BART police chief to retire next month

OAKLAND — BART Police Chief Ed Alvarez will retire subsequent month, ending greater than a quarter-century with the division and his final 4 years as its prime cop.

When Alvarez steps down on Could 1, BART Police Deputy Chief Kevin Franklin will function interim chief. Franklin, who serves because the police division’s operations chief, beforehand managed its safety operations from 2011 to 2018 and labored as an teacher in lots of division coaching applications.

Alvarez, who served as interim chief in April 2019 earlier than taking the job in January 2020, expressed his appreciation for the division’s efforts.

“It’s been the best honor of my profession to guide the individuals of the BART Police Division for the final 4 years as we’ve welcomed the Bay Space again to transit within the wake of the pandemic,” he stated in an announcement.

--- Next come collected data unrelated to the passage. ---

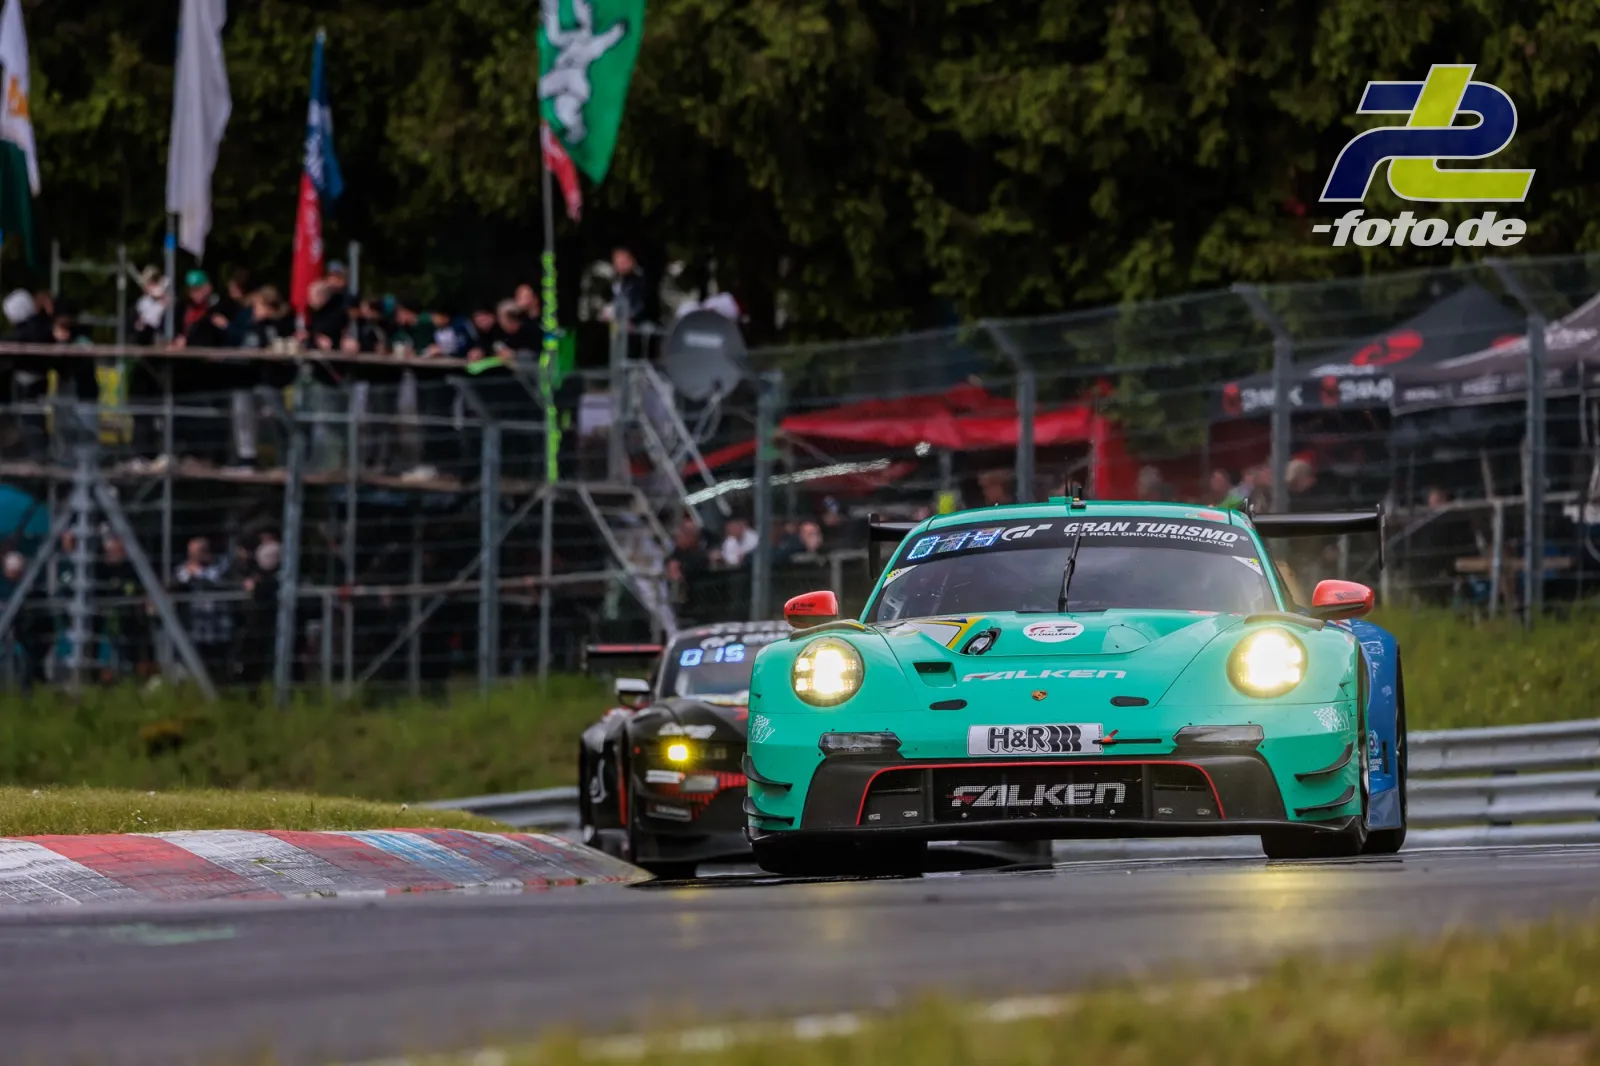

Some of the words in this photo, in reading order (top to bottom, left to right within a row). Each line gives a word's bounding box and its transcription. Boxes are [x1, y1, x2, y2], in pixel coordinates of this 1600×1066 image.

[1063, 521, 1131, 533] GRAN
[1169, 534, 1234, 548] SIMULATOR
[962, 669, 1127, 682] FALKEN
[987, 726, 1052, 753] H&R
[950, 782, 1127, 807] FALKEN

“I’m happy with all of the work we’ve finished as we’ve strived collectively to make BART PD one of the crucial progressive and community-oriented police departments within the nation.”

A BART assertion Wednesday touted a number of police division reforms beneath Alvarez’s tenure, together with voluntary cooperation with the Middle for Policing Fairness to evaluation and analyze division practices, in addition to full staffing on the division’s crisis-intervention specialist staff and rollout of an unarmed “ambassador” security staff to attach riders in want with social providers. The division additionally banned the usage of carotid management holds and eliminated the controversial “excited delirium” time period from the division’s coverage handbook whereas Alvarez was chief.

In feedback Wednesday, BART Board Director Debora Allen stated Alvarez reached out to let her know of his transfer shortly earlier than the announcement.

“It’s actually been a troublesome three, virtually 4 years. However, it didn't shock me,” Allen stated. “Police chiefs sometimes common one thing like three to 5 years on this space. It’s a troublesome job and it’s been way more troublesome over these final three years because the pandemic, notably for BART as we have now confronted so many struggles with funding and making an attempt to get riders again.”

The division labored to deal with many ongoing challenges, together with posting extra officers at stations and backfilling a staffing hole that has continued to this present day, with at the least two dozen officer slots remaining open, Allen stated. Different points that hit the division laborious included information exhibiting racial disparities in who BART officers used drive towards, quality-of-life quotation enforcement charges and a ransomware assault earlier this yr.

Contact George Kelly at 408-859-5180.